Items from a dataset:
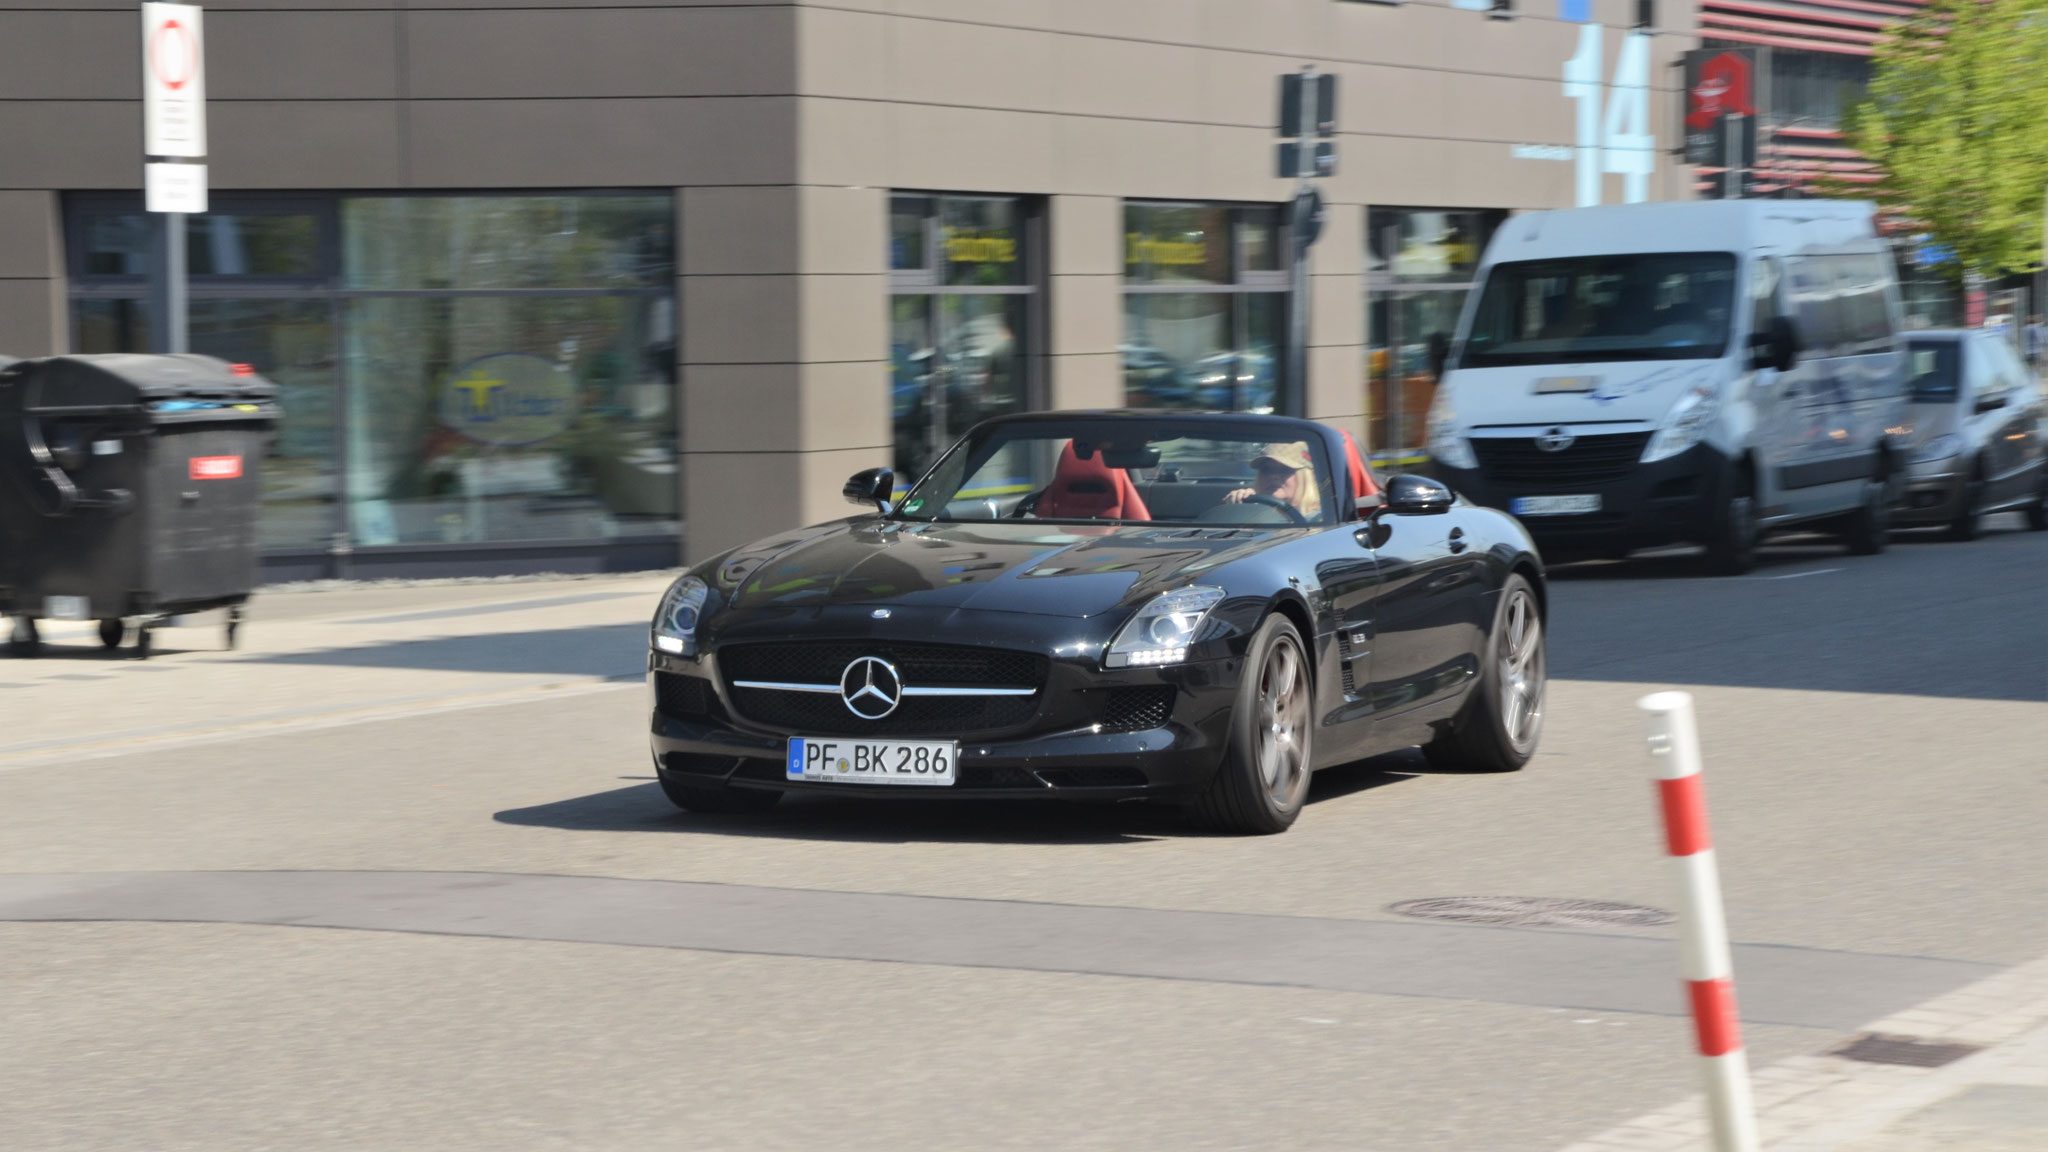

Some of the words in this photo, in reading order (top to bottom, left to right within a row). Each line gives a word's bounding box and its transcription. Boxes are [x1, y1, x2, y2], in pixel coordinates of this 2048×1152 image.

[1562, 23, 1655, 208] 14
[793, 759, 800, 769] D
[806, 743, 837, 771] PF
[854, 745, 888, 773] BK
[896, 746, 948, 774] 286

Instructions for the task: Output the records above exactly, omitting the pictures.

Output below:
Some of the words in this photo, in reading order (top to bottom, left to right within a row). Each line gives a word's bounding box and its transcription. Boxes are [x1, y1, x2, y2], in pixel coordinates of this 2048×1152 image.

[1562, 23, 1655, 208] 14
[793, 759, 800, 769] D
[806, 743, 837, 771] PF
[854, 745, 888, 773] BK
[896, 746, 948, 774] 286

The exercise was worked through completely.